Differential modulatory effects of alpha- and beta-adrenoceptor agonists and antagonists on cortical immediate-early gene expression following focal cerebrocortical lesion-induced spreading depression.

Unilateral, focal cerebrocortical lesion (FCL) and associated spreading depression (SD) increase immediate-early gene (IEG) expression throughout the ipsilateral hemisphere. Noradrenergic transmission is involved in the regulation of basal- and stimulation-induced expression of IEGs in cerebral cortex; and is modulated by both injury and SD. The present study further investigated the association between the noradrenergic system and cortical adaptive responses, by examining basal and FCL(SD)-induced cortical IEG expression following acute treatment with alpha(1)-, alpha(2)- and beta(1/2)-adrenoceptor (AR) agonists or antagonists. Activation of alpha(1)-ARs by NVI-085, or beta-ARs by salbutamol, increased cortical NGFI-A, c-jun and c-fos mRNA levels, whereas inhibition of alpha(1)-ARs by prazosin, or beta-ARs by propranolol, had no marked effect. The alpha(2)-AR agonists, clonidine and UK14304 also had no effect on basal IEG levels, while blockade of alpha(2)-ARs by methoxyidazoxan significantly increased NGFI-A and c-fos expression, but decreased c-jun mRNA levels. This latter effect confirms the complex and differential nature of IEG regulation in brain. In FCL(SD) rats, all AR agonists generally produced a supra-additive (synergistic) effect on expression of the examined IEGs, compared with drug-treatment or FCL alone. Prazosin reduced FCL(SD)-induced elevations of c-jun and c-fos, but not NGFI-A, mRNA. Methoxyidazoxan enhanced NGFI-A and c-fos mRNA expression after FCL(SD), but reduced c-jun. Propranolol enhanced all lesion-induced IEG levels.

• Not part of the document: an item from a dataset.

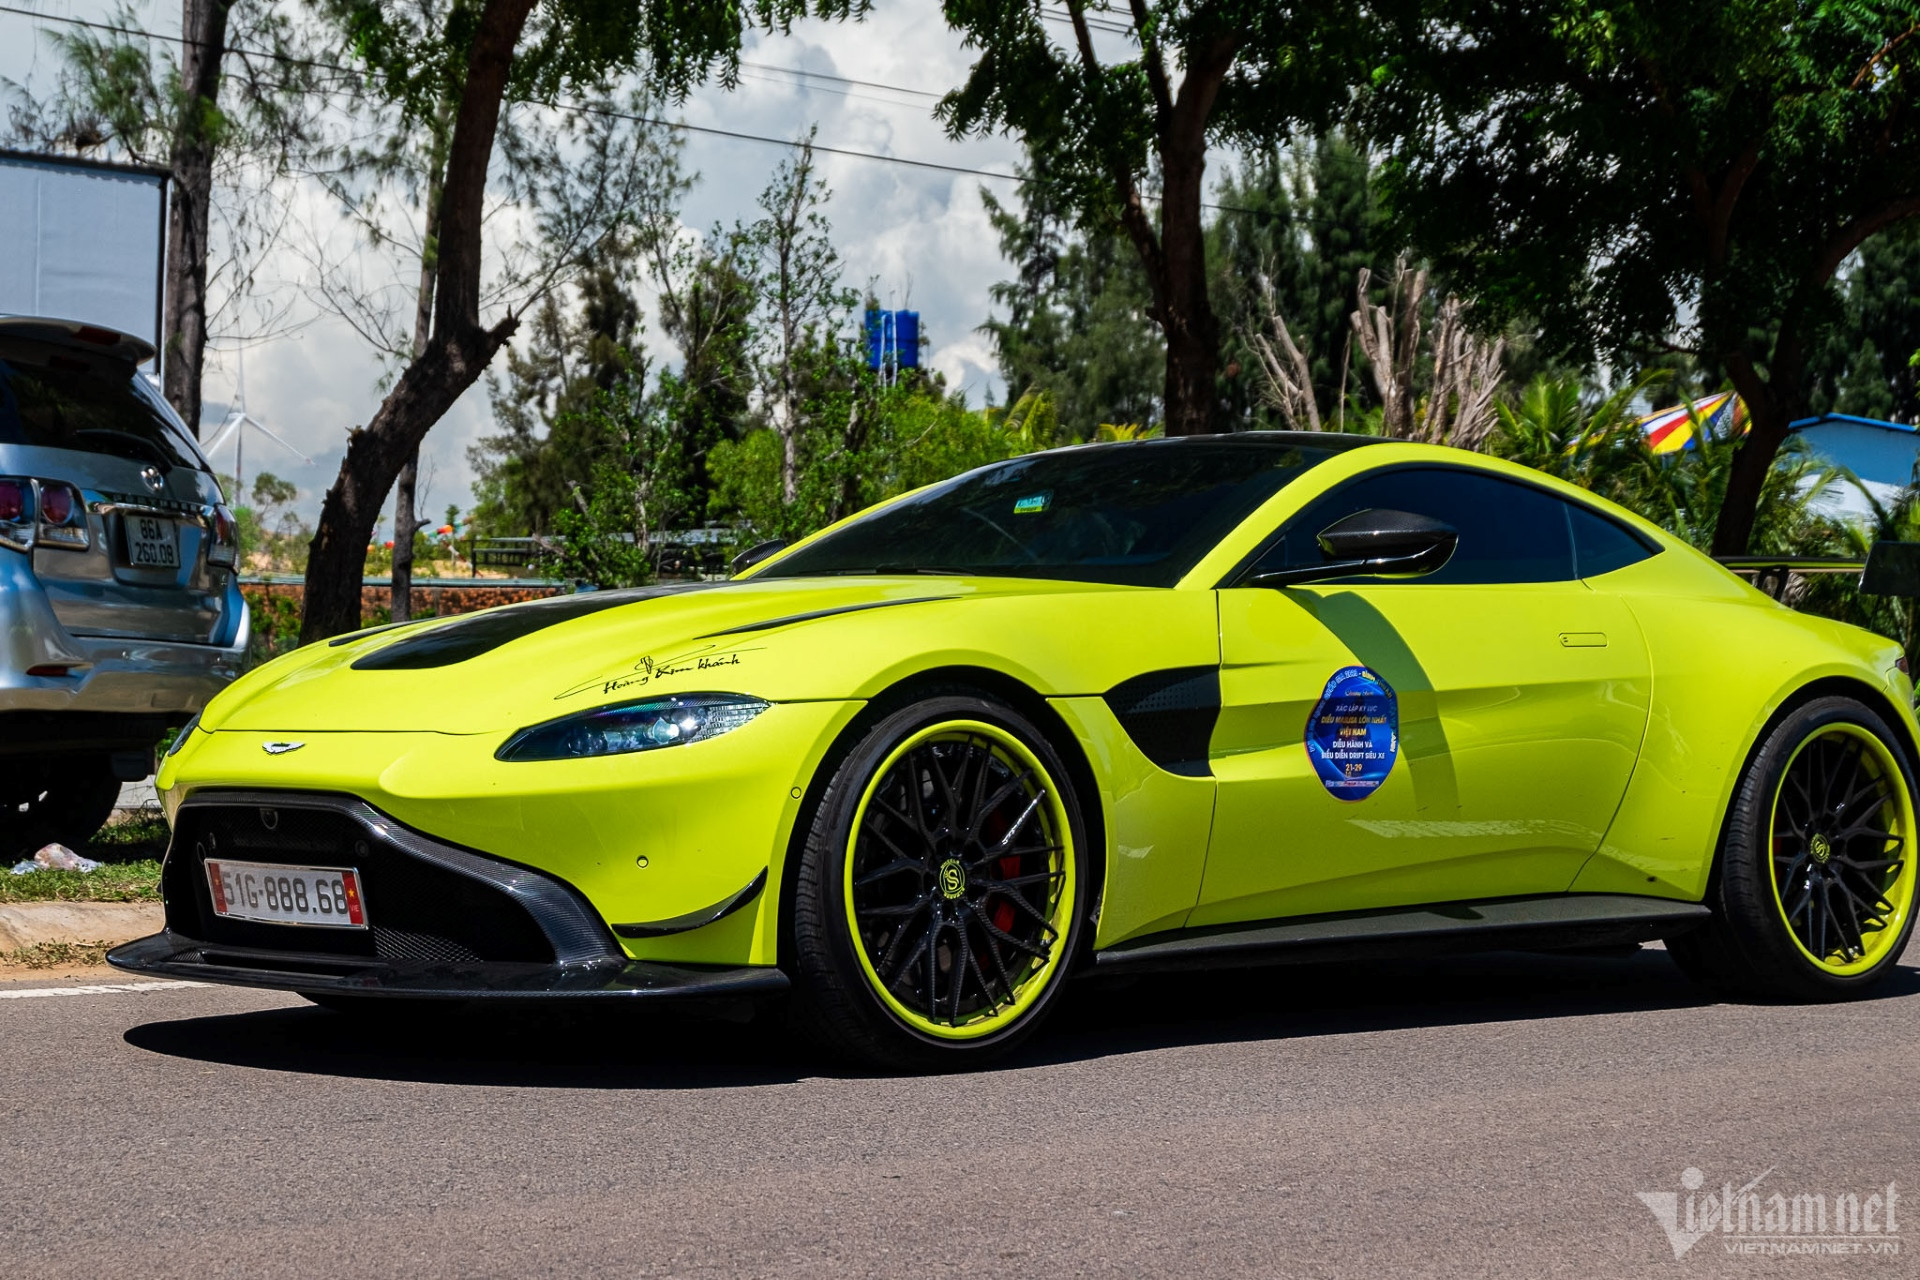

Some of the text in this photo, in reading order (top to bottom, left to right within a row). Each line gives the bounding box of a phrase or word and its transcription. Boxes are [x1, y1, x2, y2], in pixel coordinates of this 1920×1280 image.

[140, 519, 163, 540] 86A
[1352, 728, 1367, 736] NAM
[222, 871, 348, 915] 51G-888.68

These results confirm that alpha(1)- and beta-ARs normally mediate a stimulatory, and alpha(2)-ARs a net inhibitory, influence on cortical cell activity (reflected by NGFI-A, c-fos expression); and demonstrate that alterations in noradrenergic tone modulate the level of cellular activation during and after SD, which is primarily elicited by K(+)/glutamate via NMDA receptors and Ca(2+)-associated mechanisms. In turn, noradrenergic transmission and interactions with excitatory systems are likely to be important in responses to brain injury, including regulation of IEGs and their downstream target genes.